Die Mariä-Himmelfahrts-Kathedrale in Moskau (Kreml)
Mariä-Himmelfahrts-Kathedrale von Moskau, Russland |
Die Geschichte der Mariä-Himmelfahrts-Kathedrale ist hinlänglich bekannt: Nach der Feuerbrunst von 1470 machten sich die Moskauer Baumeister Myschkin und Kriwzow 1472 an die Errichtung einer neuen Kathedrale, die nun zu den bekanntesten Sehenswürdigkeiten in Moskau zählt. Sie bauen die Wände und Gewölbe, doch plötzlich stürzte der Oberteil der Kathedrale ein. Als Experten herbeigerufene Baumeister aus Pskow fanden, dass es ihre Moskauer Kollegen nicht verstanden, Kalk aufzulösen, sie weigerten sich jedoch, selbst die Mariä-Himmelfahrts-Kathedrale zu bauen. Und so sah sich Iwan III., ob er wollte oder nicht, genötigt, sich außerhalb von Russland nach Baumeistern umzusehen.
Ein zu diesem Zweck nach Venedig entsandter Beamter traf sich mit dem berühmten italienischen Architekten Aristoteles Fioravanti und überredete diesen, zur Arbeit nach Moskau zu kommen. Fioravanti, der den Zarenbefehl die Mariä- Himmelfahrts zu bauen, erhalten hatte, organisierte die Vorbereitungsarbeiten bis hin zu der Einrichtung einer Ziegelei in der Nähe des heutigen Andronikus-Klosters und machte sich anschließend auf eine Reise nach Russland zum Studium der russischen Architektur. Der erste Eindruck, den die Mariä-Himmelfahrts-Kathedrale im Kreml beim Betrachter hinterlässt, verrät kaum, dass ihr Erbauer ein Italiener gewesen ist. Fioravanti verstand es bei der Errichtung der wichtigsten Kathedrale Moskaus, sich endgültig von den Erinnerungen an die konstruktiven Formen der italienischen Kichen zu lösen, und lieferte das, was der Zar und der Hof von ihm auch verlangt hatten: eine echt russische fünfkuppelige Kathedrale, die alle charakteristischen Formen jener Epoche beibehielt und zugleichabsolut neu war.

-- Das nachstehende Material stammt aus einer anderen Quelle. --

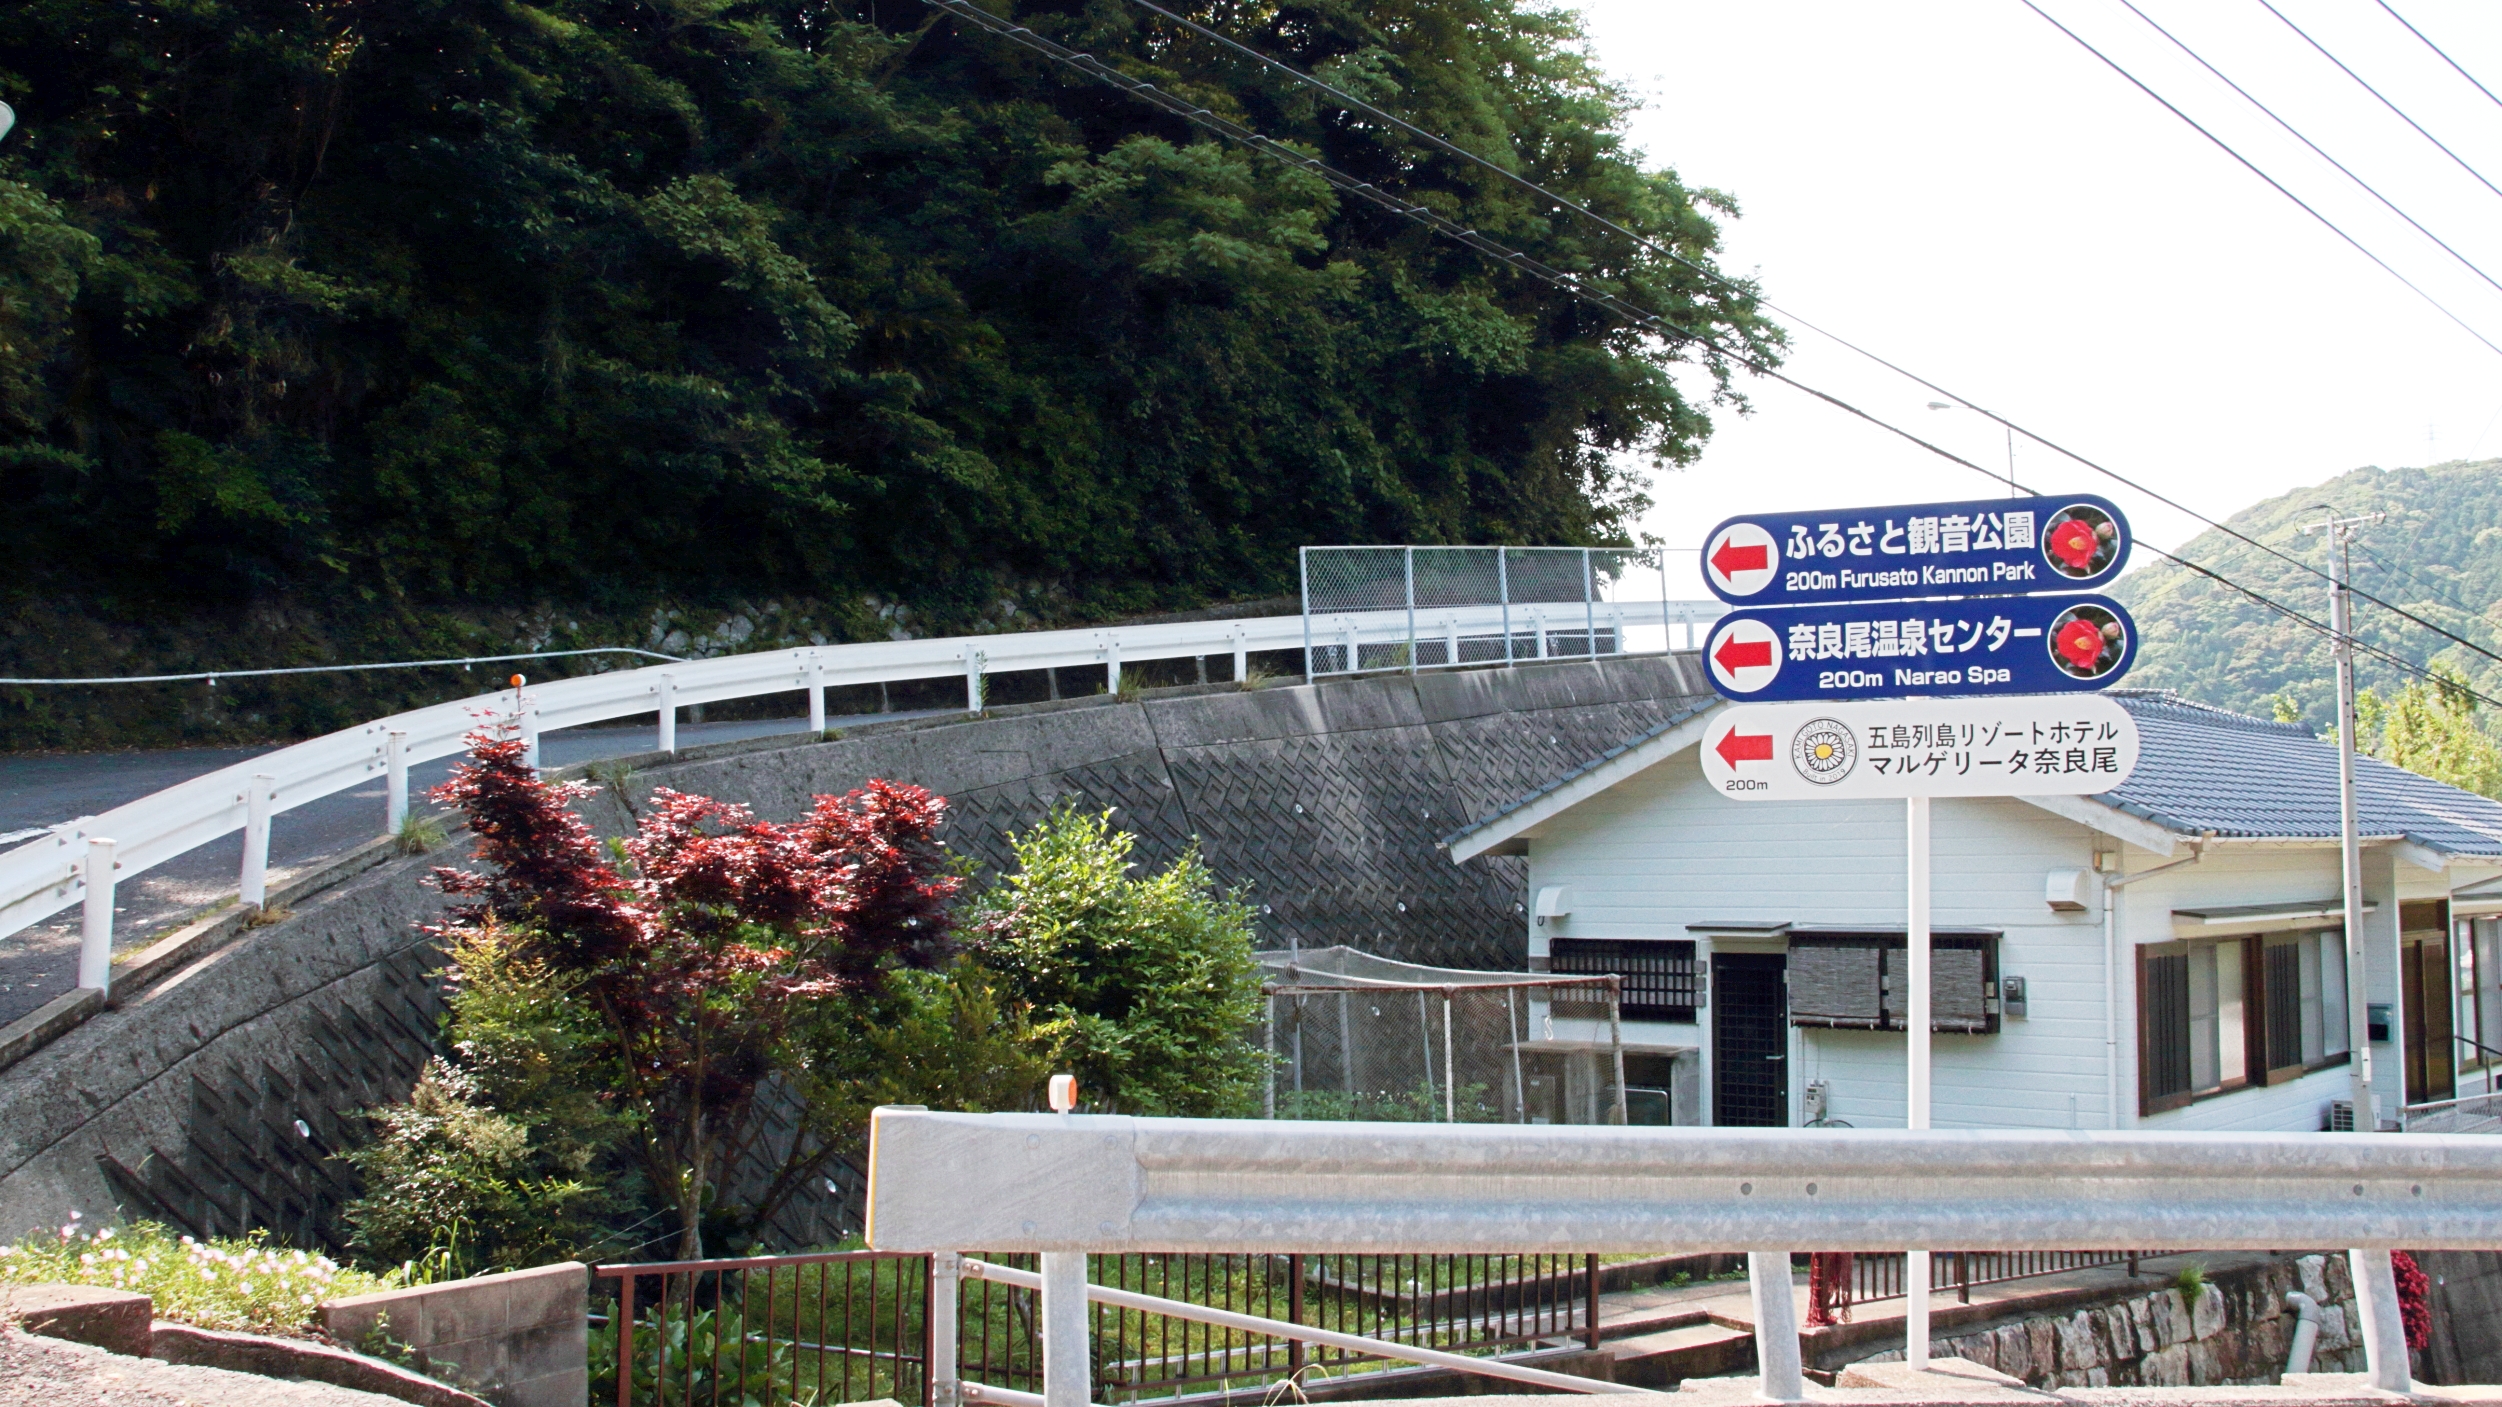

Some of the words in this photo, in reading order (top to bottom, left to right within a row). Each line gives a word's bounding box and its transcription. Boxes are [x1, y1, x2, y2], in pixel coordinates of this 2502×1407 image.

Nicht von ungefähr bewunderten die Zeitgenossen das „Majestätische„ der neuen Kathedrale. Das strebte offenkundig auch Fioravanti selbst an: Indem er die Kathedrale innerhalb einer Befestigungsanlage, des Kremls errichtete, verlieh er seinem Bauwerk den Charakter eines Festungsbolwerks, was sich sowohl in der Proportionen selbst, als auch in der Verkleidung der Fassade mit gemeißeltem Stein, in der Solidität des Sockels, in der Wucht der Kuppeln, aber auch in der Bescheidenheit der das Gebäude schmückenden Elemente äußerte. Er umgürtete die Kathedrale mit den für das russische Auge gewohnten Bögen wie in Wladimir und Susdal, brach in jedem siebenten Boden eine wie eine Schießscharte schmale Fensteröffnung durch; die runden Halbsäulen der Fassaden ersetzte er durch exakt geschnittene Linien der Pilaster; als Gegenpfeiler legte er die Ostseite fünf ebenerdigen Altarapsiden an.

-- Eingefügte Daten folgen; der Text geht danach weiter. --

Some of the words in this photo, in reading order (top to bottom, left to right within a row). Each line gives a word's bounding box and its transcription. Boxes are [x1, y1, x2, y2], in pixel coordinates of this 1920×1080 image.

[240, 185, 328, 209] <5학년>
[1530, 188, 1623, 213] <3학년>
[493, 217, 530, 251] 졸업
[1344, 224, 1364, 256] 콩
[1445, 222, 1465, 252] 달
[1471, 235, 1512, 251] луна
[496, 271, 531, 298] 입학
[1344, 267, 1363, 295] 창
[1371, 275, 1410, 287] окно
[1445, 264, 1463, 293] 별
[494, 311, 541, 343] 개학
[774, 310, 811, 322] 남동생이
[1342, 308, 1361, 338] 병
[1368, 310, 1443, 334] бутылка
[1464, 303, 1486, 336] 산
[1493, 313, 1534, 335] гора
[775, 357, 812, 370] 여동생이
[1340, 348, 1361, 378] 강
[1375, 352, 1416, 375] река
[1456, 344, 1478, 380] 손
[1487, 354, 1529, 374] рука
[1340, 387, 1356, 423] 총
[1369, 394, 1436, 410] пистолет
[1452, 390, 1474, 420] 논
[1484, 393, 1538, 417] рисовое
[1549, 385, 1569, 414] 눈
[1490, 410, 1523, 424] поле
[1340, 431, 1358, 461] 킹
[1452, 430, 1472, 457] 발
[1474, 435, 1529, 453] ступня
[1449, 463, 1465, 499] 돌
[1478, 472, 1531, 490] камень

Hier gibt es keinerlei Skulpturen: Nur an der Westseite hat der Architekt kühn als feierlichen Eingang die Vorhalle in Form einer italienischen Loggiafreitreppe angebaut. Sehr schön dekoriert sind der Süd- und der Nordeingang zur Kathedrale: Von der Hälfte des ersten des ersten Obergeschosses sind bis an den Boden Fresken gezogen worden, als handle es sich um bestickte Ziertücher. Es ist wahrscheinlicher, dass eine solche Idee bei einem russischen Baumeister mit dessen außerordentlichen Vorliebe für die Malerei aufkommen konnte. Wie dem auch sei, aber diese Freskentücher bringen eine neuen, fröhliche Note in die raue Hymne Fioravantis ein. In der Kathedrale sind einzigartige Fresken aus dem 15. und 16. Jahrhundert erhalten geblieben; Sie können hier ferner einmalige Ikonen sehen, die nicht nur speziell für diese Kathedrale gemalt, sondern auch als Gaben oder Beutestücke hierher gebracht worden sind.